§ Task instructions
Quote all lines below exactly. Images stay out.

§ Dataset entries

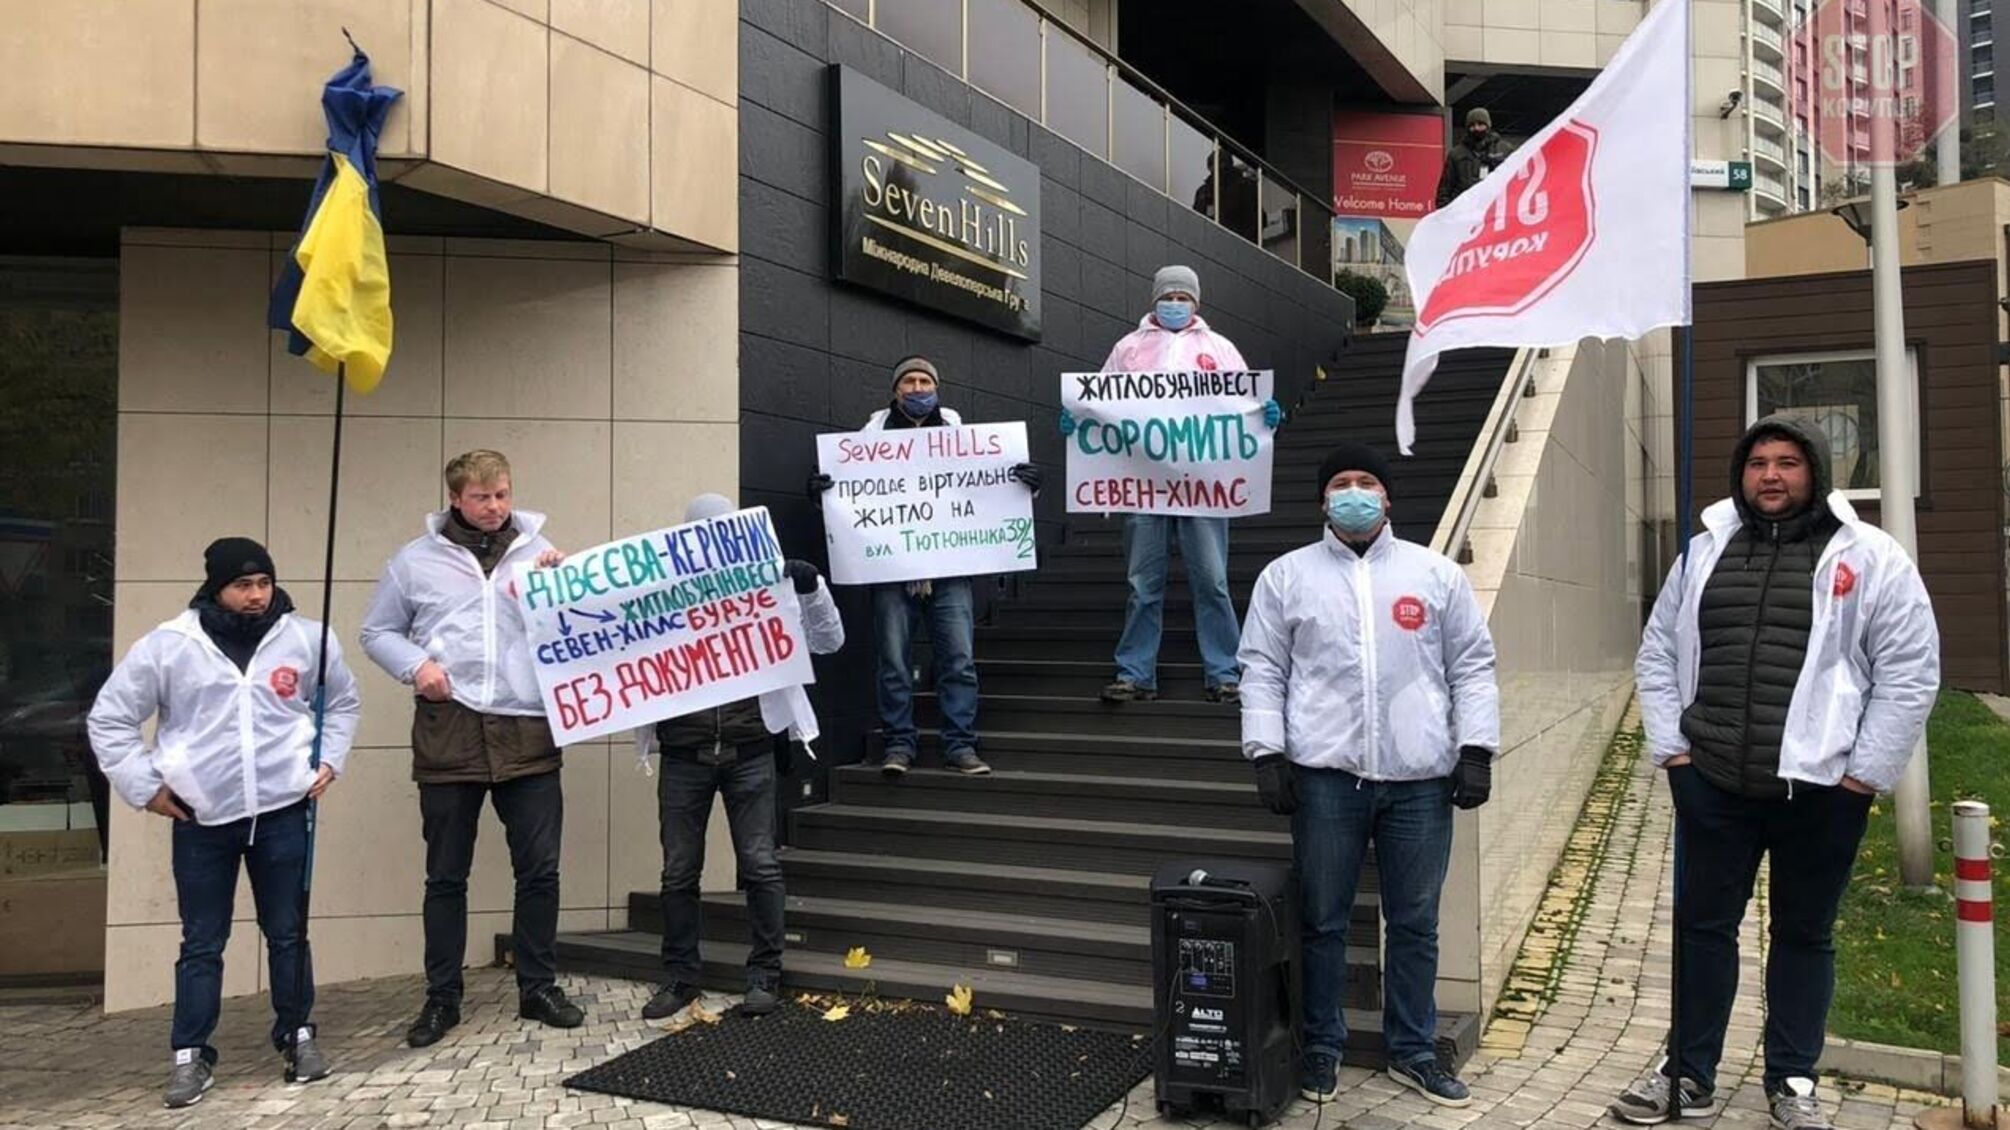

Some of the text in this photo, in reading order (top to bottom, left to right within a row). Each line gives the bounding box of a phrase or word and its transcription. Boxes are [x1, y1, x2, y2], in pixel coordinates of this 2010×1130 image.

[1351, 172, 1406, 182] PARK AVENUE
[1733, 168, 1747, 180] 58
[1388, 197, 1423, 211] Home
[862, 236, 929, 276] Міжнародна
[930, 262, 1002, 302] Девелоперська
[1076, 370, 1260, 401] ЖИТЛОБУДІНВЕСТ
[1077, 413, 1259, 463] СОРОМИТЬ
[1076, 473, 1248, 508] СЕВЕН-ХІЛЛС
[619, 559, 782, 622] ЖИТЛОБУДІНВЕСТ
[538, 588, 777, 666] СЕВЕН-ХІЛЛС БУДУЄ
[553, 613, 793, 730] БЕЗ ДОКУМЕНТІВ
[1191, 1006, 1224, 1021] ALTO

§ Finished exercise
Some of the text in this photo, in reading order (top to bottom, left to right within a row). Each line gives the bounding box of a phrase or word and its transcription. Boxes are [x1, y1, x2, y2], in pixel coordinates of this 2010×1130 image.

[1351, 172, 1406, 182] PARK AVENUE
[1733, 168, 1747, 180] 58
[1388, 197, 1423, 211] Home
[862, 236, 929, 276] Міжнародна
[930, 262, 1002, 302] Девелоперська
[1076, 370, 1260, 401] ЖИТЛОБУДІНВЕСТ
[1077, 413, 1259, 463] СОРОМИТЬ
[1076, 473, 1248, 508] СЕВЕН-ХІЛЛС
[619, 559, 782, 622] ЖИТЛОБУДІНВЕСТ
[538, 588, 777, 666] СЕВЕН-ХІЛЛС БУДУЄ
[553, 613, 793, 730] БЕЗ ДОКУМЕНТІВ
[1191, 1006, 1224, 1021] ALTO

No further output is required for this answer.